Sergio Ramos, bombero eterno

Dos cabezazos suyos salvaron a un Madrid que jugueteó con el desastre. Fracasó la BBC. El Nápoles persiguió la hazaña y le mató la estrategia. Morata redondeó el triunfo.



Luis Nieto
As
Donde no alcanzan ni la actitud ni el dibujo llega la cabeza de Sergio Ramos, que siempre está de guardia. En Nápoles, como en Múnich, como en Lisboa, como en Milán, como en Trondheim, como en el Camp Nou, como tantas veces, fue el ángel de la guarda de un mal Madrid. Un equipo con la piel demasiado fina para sobreponerse a ese choque al vapor que propuso el Nápoles y al que no le sacó demasiado partido.

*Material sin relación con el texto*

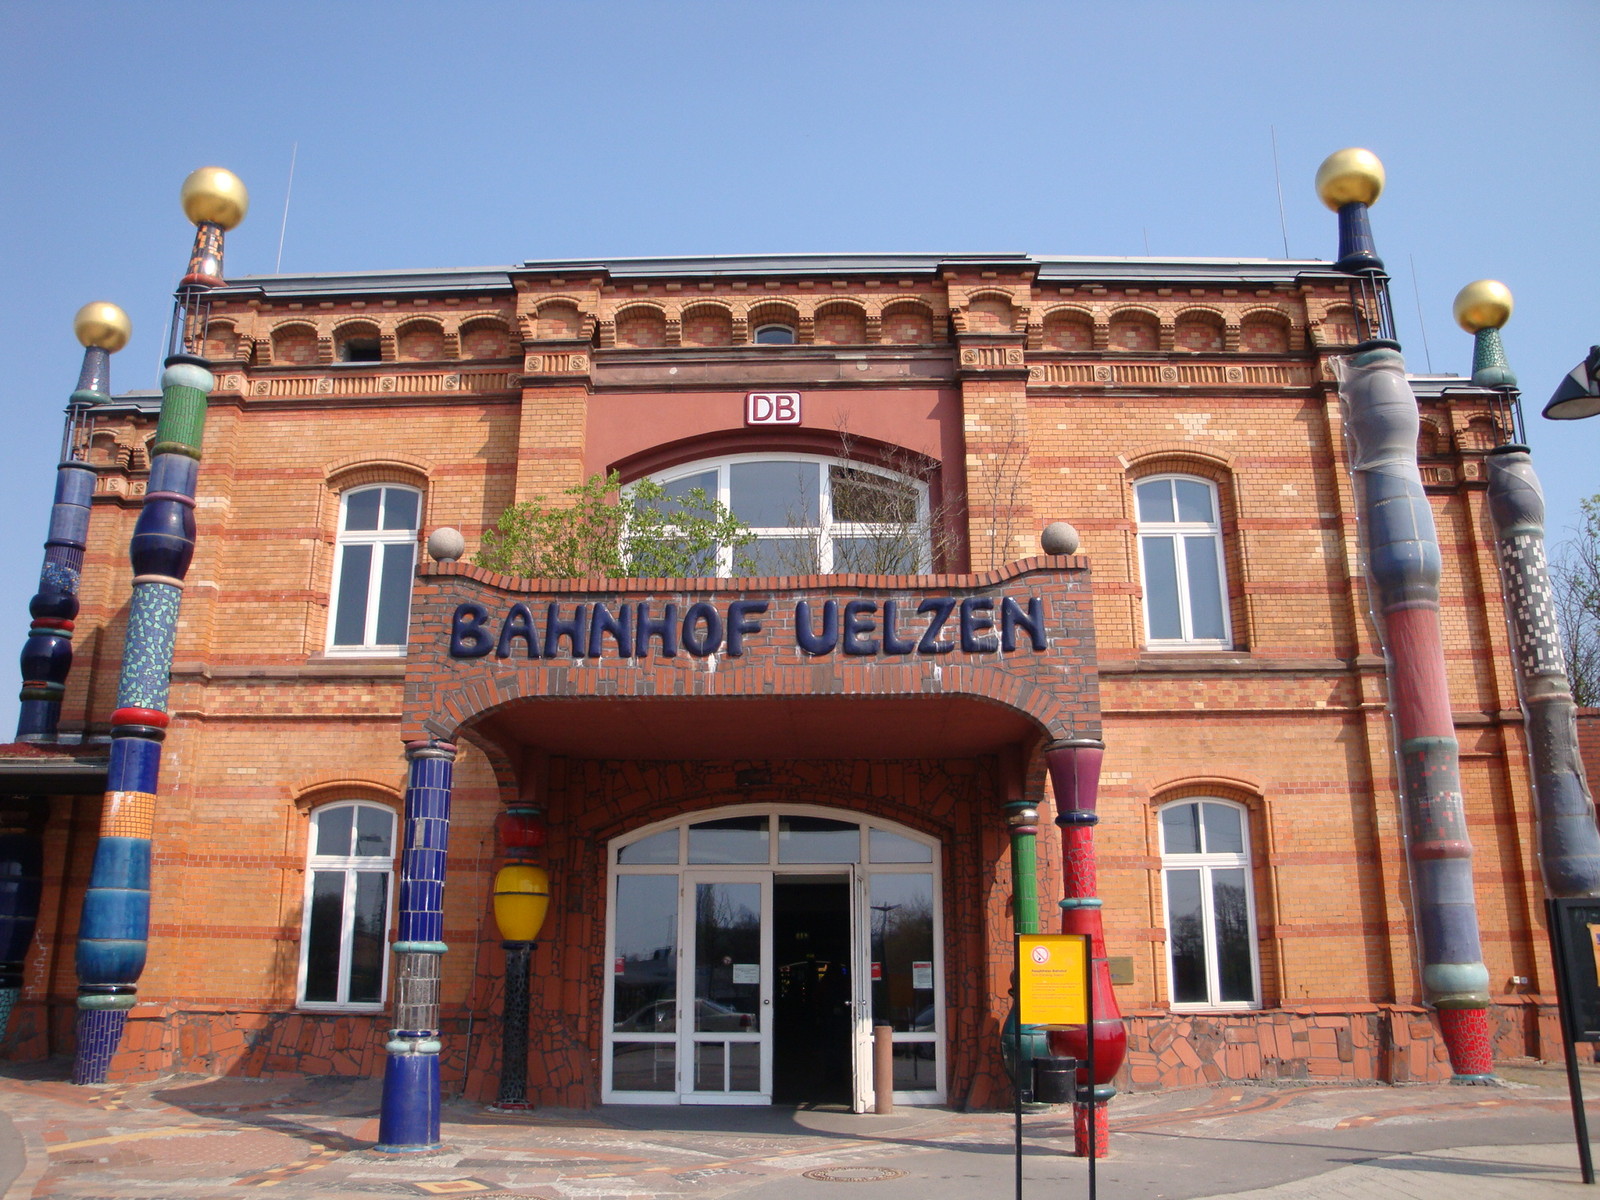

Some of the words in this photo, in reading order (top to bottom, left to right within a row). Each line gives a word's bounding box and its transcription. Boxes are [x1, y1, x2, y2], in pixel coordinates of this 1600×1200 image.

[752, 395, 797, 421] DB
[448, 600, 769, 659] BAHNHOF
[794, 596, 1048, 656] UELZEN

Es de esperar que esa cabeza privilegiada de Ramos no le impida al Madrid ver el bosque. Porque su tridente blandeó mucho con el equipo de Sarri en el cogote, porque jugar con tres centrocampistas empieza a parecer un extravío, porque su defensa perdió las manos ante la alta velocidad de Callejón, Mertens e Insigne.

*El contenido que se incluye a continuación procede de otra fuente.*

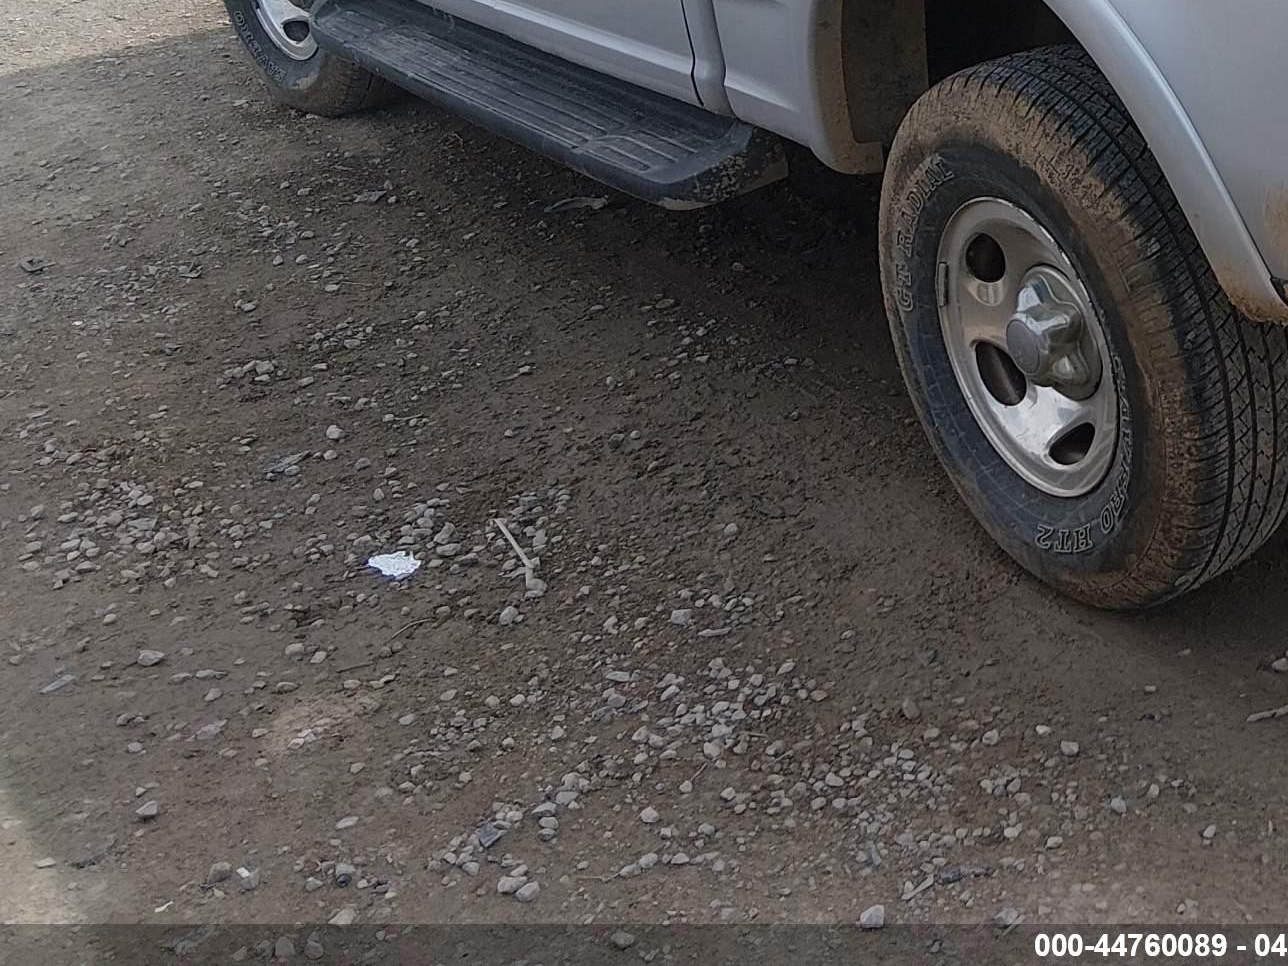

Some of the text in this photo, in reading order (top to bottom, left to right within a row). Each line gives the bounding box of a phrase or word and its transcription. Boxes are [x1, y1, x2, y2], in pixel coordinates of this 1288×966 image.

Remontadas del tamaño de las que intentó el Nápoles no sólo llegan cargadas de testosterona. También traen instrucciones. El equipo de Sarri las siguió al pie de la letra, incluso aquellas que han caído en desuso. Procuró hacerle largo el partido al Madrid, desde el aeropuerto hasta el túnel de vestuarios, con la complicidad de la afición y de casi toda la ciudad. Caceroladas, esquelas, acoso motorizado. Una intimidación de otra época que llevó hasta el césped, donde presionó de salida, como manda el manual, hasta en el área del Madrid. Tocó todas las teclas que podían incomodar al equipo de Zidane hasta convertirse en un rival pelmazo: cortó el suministro hacia Modric y Kroos, adelantó la línea para enjaular en una franja estrechísima a Cristiano y Bale, obligó a la zaga del Madrid a jugar en largo a sabiendas de que la BBC no ganaría un balón dividido, porque ese combate a bayoneta calada nunca fue lo suyo. Y además, movió bien la pelota, con esa caballería ligera que lanza Hamsik y acaba en Mertens, que ha terminado por creerse que es un goleador.

El Madrid se sintió encogido, atribulado, incapaz de defender las pelotas al espacio que los centrocampistas del Nápoles, que acabaron por ser cinco, jugaban a la espalda de esa cintura de avispa que ofrece el equipo cuando juega la BBC.

Y así fue despeinando al Madrid y poniéndose en ventaja cuando el equipo de Zidane creyó haber pasado lo peor con dos disparos lejanos de Kroos y Bale. El tanto de Mertens estaba en los planos del partido. Insigne salvó la media del Madrid con el enésimo pase profundo a Hamsik y este lanzó al belga, que cruzó ante Keylor. Todo tuvo una sencillez insultante ante una defensa de gomaespuma.
La remontada de Ramos

El gol no regeneró al Madrid, más allá de una oportunidad de Cristiano que, tras dejar atrás a Reina, estrelló la pelota en el palo. Su relación con el gol pasa por su peor momento. Superado el sobresalto, el Nápoles retomó su misión, apretó, pellizcó a los laterales del Madrid, siguió jugando a toda mecha y devolvió el palo de Cristiano con otro de Mertens. El Madrid andaba camino del cementerio, disparándose en un pie con esos balones largos que le eran ajenos a la BBC y mostrándose muy inferior en velocidad punta atrás. Al descanso se fue con cinco kilometros menos que el Nápoles y once remates sufridos, récord en un tiempo en la era Zidane.

En el vestuario Zidane propuso dos correcciones: echó atrás a Bale para engordar por el centro con un 4-4-2 y se adentró en el campo del Nápoles en la presión, por ver si un clavo sacaba otro. Pero encontró alivio en la cocina tradicional: dos cabezazos de Ramos en dos córners lanzados por Kroos, con un tacto especial en esta suerte. El primero fue limpio, en el segundo le ayudó un leve desvió de Mertens, cuya fascinación por el gol le llevó demasiado lejos.

Ahí perdieron su varita el Nápoles y San Paolo. Lo sabía Sarri, que ya había advertido en la víspera que la perdición llovería del cielo. Aún así, decidió morir de pie, apretando sin esperanza sobre el área de Keylor. Sólo se entregó cuando se marchó Hamsik, el arquitecto de esa ilusión efímera que al menos sirvió para asustar al Madrid, que se encontró con un final inesperadamente plácido. Zidane pudo permitirse retirar a Modric, amenazado de suspensión para los cuartos, y Morata se reivindicó con otro gol de furia, la que casi siempre acaba salvando a un equipo hecho para el arte.